ABSINTHE §2 Interview – Thomas Langley
Originally published in the ABSINTHE §2 Catalogue, published by Side Quest, produced to accompany ABSINTHE §2, curated by Billy Fraser, Charlie Mills and James Capper, 18.05.19 – 17.08.19, Spit and Sawdust Pub, Elephant and Castle.
May 2019

Hector Campbell : As an interdisciplinary artist you work across a wide range of artistic mediums, including painting, drawing, sculpture and installation. How do you approach the matching of concept and medium?

Thomas Langley : I’ve always been interested in the inherent values of both materials and objects. I seek to hunt these down and work with them as a complete package, I’m not sure the concept and the material are entirely separable. 

H.C : The use of text as a visual device, a tradition that incorporates graffiti, sign painting and advertising/political slogans, has been evident in your work now for quite some time, how do you develop the visual language and phrases that appear within your works?
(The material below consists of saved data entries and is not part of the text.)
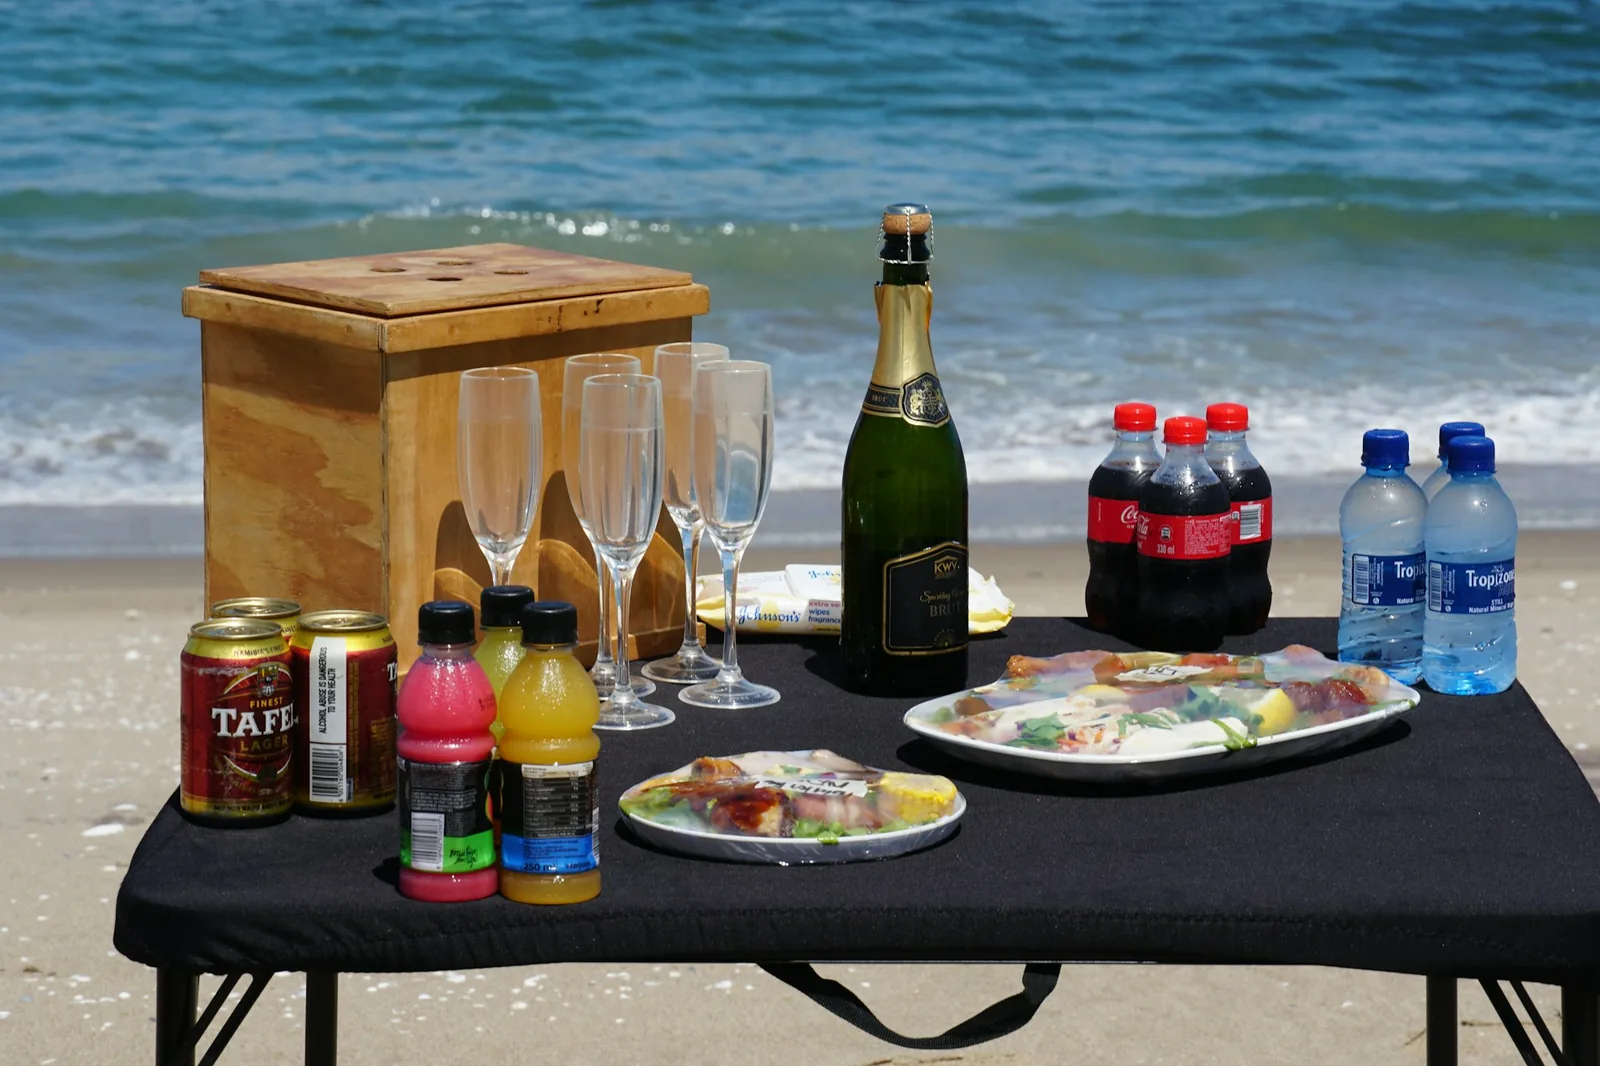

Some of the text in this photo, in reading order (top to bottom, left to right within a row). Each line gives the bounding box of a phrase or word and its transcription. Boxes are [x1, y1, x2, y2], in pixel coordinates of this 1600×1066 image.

[1156, 543, 1167, 555] 330
[1167, 544, 1176, 555] ml
[934, 560, 958, 575] KWV
[808, 600, 830, 608] extra
[1468, 606, 1489, 614] Natural
[1490, 598, 1504, 607] STILL
[738, 604, 801, 625] Johnson's
[808, 608, 831, 617] wipes
[929, 602, 961, 619] BRUT
[233, 646, 270, 657] NAMIBIA'S
[318, 646, 327, 681] DANGEROUS
[327, 668, 336, 689] HEALTH
[250, 696, 283, 709] FINEST
[318, 688, 327, 707] ABUSE
[327, 689, 336, 705] YOUR
[318, 708, 327, 735] ALCOHOL
[240, 735, 289, 752] LAGER
[523, 862, 541, 871] 250
T.L : Often my placement of text takes into consideration several contexts, both the painting field/plane and the wider space in which that occupies, be it a gallery, a shop, an institution, a pub or a corridor – playing with the site is as important for me as spacial formal decisions like composition. Having said that I also drive for rhythm, balance and presence in the making of a painting.
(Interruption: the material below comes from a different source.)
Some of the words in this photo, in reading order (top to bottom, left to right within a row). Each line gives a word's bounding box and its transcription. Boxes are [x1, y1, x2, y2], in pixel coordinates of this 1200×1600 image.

H.C : Many of your mantras become repeated across many works, including ‘Make It Better, ‘Kill Me Now’ and most noticeably ‘Buy Mum A House’, what effect are you looking to create with this use of repetition?

T.L : I think a lot about the transference of labour, the hammering of the grind or hard graft, and making multiples highlights this notion of work.
I also like to make collections of works in order to create a larger context. Within the coupling of sculpture and wall-based work or a series of paintings individual works can function as modular components of a wider narrative or sentiment. 

H.C : Your ‘Mummy’s Boy’ series recently culminated in a solo exhibition at Cob Gallery, presented in collaboration with five of London’s best contemporary art galleries. The show felt much like a retrospective, with the press release noting the series end. Is that the last we’ll see of ‘Buy Mum A House’? And if so how does it feel to close the door on such a body of work?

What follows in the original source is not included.